The intermediate, N-[(4-Chlorophenyl)-phenylmethyl]-acetamide thus obtained was subjected to Mass, IR and NMR and the results of which are deposed as below:
Molecular Formula: C15H14ClNO
Weight: 259.08
Mass: [M+H]+ = [M+H]+ = 260.2
1H NMR: (400 MHz, DMSO): d=8.9 (1H(d), 7.2-7.4 (9H(m), 6.1(1H(s), 1.9(3H(s)
FTIR (KBr, Cm-1): 800-860, 1089, 1600, 1644, 3028-3063, 3294.

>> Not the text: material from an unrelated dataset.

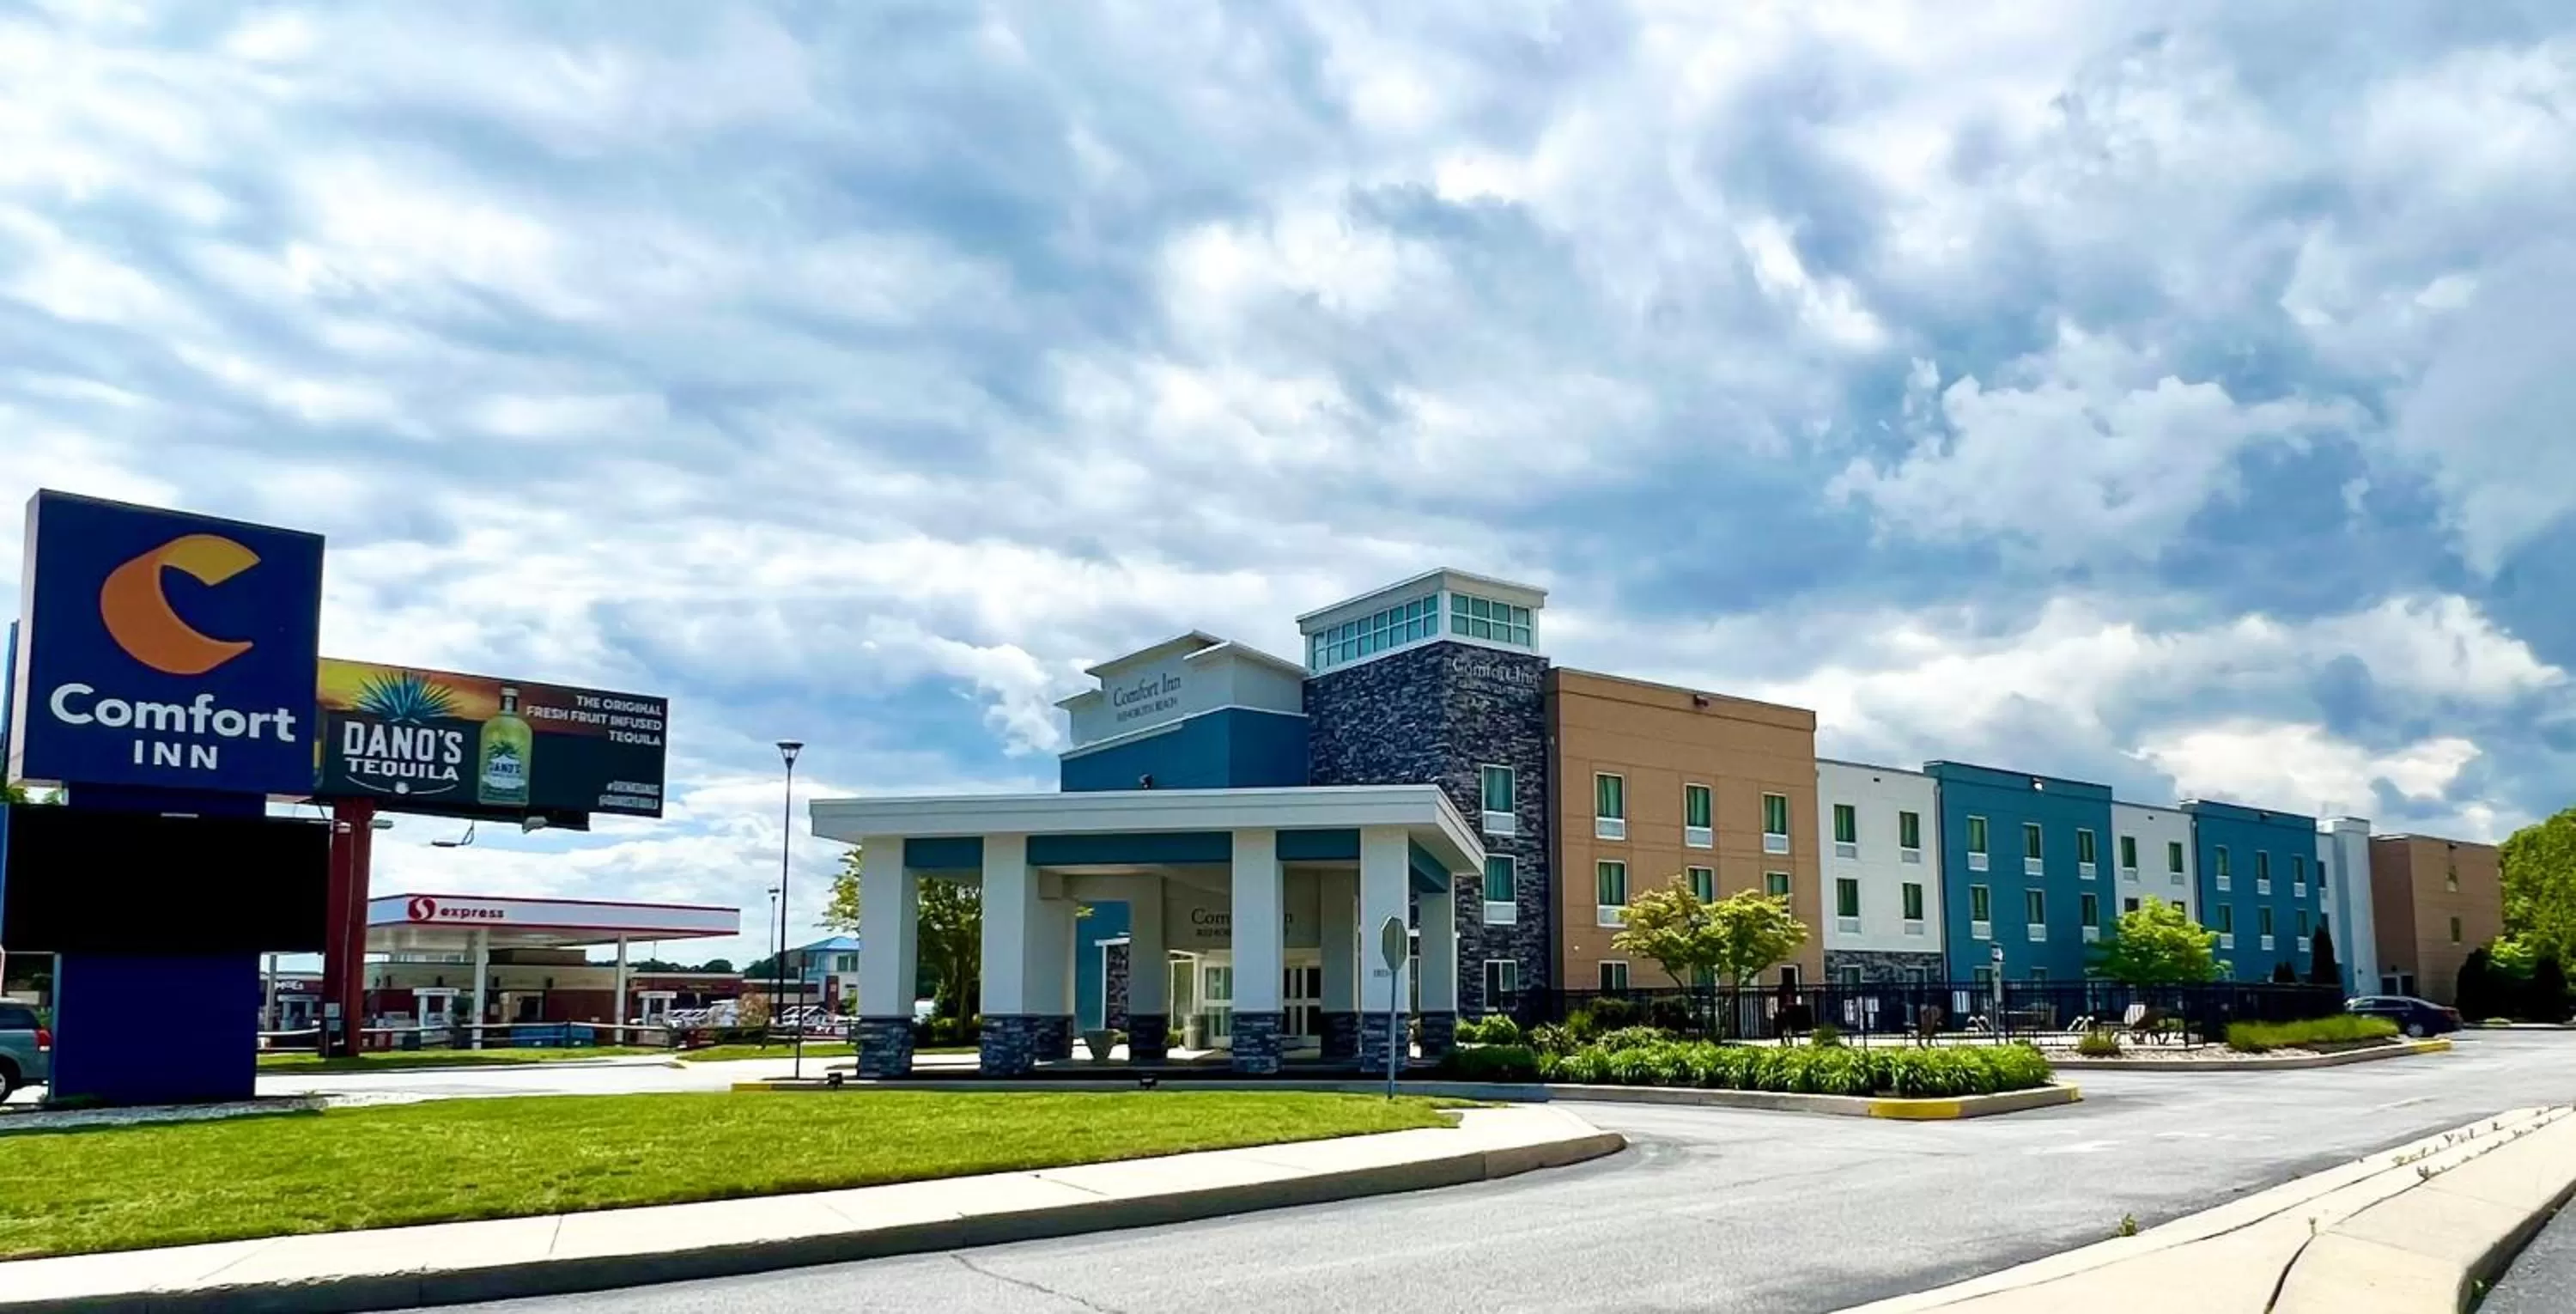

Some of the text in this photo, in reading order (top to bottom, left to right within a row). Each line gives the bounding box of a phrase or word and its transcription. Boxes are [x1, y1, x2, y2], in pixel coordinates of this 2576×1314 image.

Preparation of racemate 1-(4-Chlorophenyl)-1-phenylmethamine by Hydrolysis of N-[(4-Chlorophenyl)-phenylmethyl]-acetamide (Formula – III):
Charged 200 ml Monoethylene glycol in glass assembly, followed by charged 110 gm of N-[(4-Chlorophenyl)-phenylmethyl]-acetamide i.e. Formula-III obtained in example-4. To this charged 300 ml 48% Caustic lye. Reaction mass was heated at 115°-125°C and maintained for 10-15 hrs to convert intermediate of Formula III in to compound of Formula I. Reaction mass was cooled at RT, to this 200 ml water was added followed by 200 ml DCM and further the organic layer was separated to extract the product in DCM. DCM was distilled out and 85 gm compound of Formula I having R: S Isomer in proportion of about 45: 55 to about 50:50 in oil form was obtained.

Example 4:
Racemisation of 1-(4-Chlorophenyl)-1-phenylmethamine using acetic anhydride:
100 gm (0.46 mol) of 1-(4-Chlorophenyl)-1-phenylmethamine of Formula I of about 10:90 to about 40:60 in approximate Proportion was dissolved in 500 ml Toluene ,to this 70.30 gm (0.70 mol) of acetic anhydride was added. The reaction mass was heated at 50°-60°C and maintained for 2-3 hrs to form intermediate, N-[(4-Chloro-phenyl)-phenyl-methyl]-acetamide compound of Formula III.

Toluene was distilled completely from the reaction mass. 200 ml Monoethylene glycol was charged to the residue obtained. To this charge 300 ml 48% Caustic lye. Reaction mass was heated at 115°-125°C and maintained for 10-15 hrs to convert intermediate of Formula III in to compound of Formula I. Reaction mass was cooled at RT, to this 200 ml water was added followed by 200 ml DCM and further the organic layer was separated to extract the product in DCM. DCM was distilled out and 92 gm compound of Formula I having R: S Isomer in proportion of about 45: 55 to about 50:50 in oil form was obtained.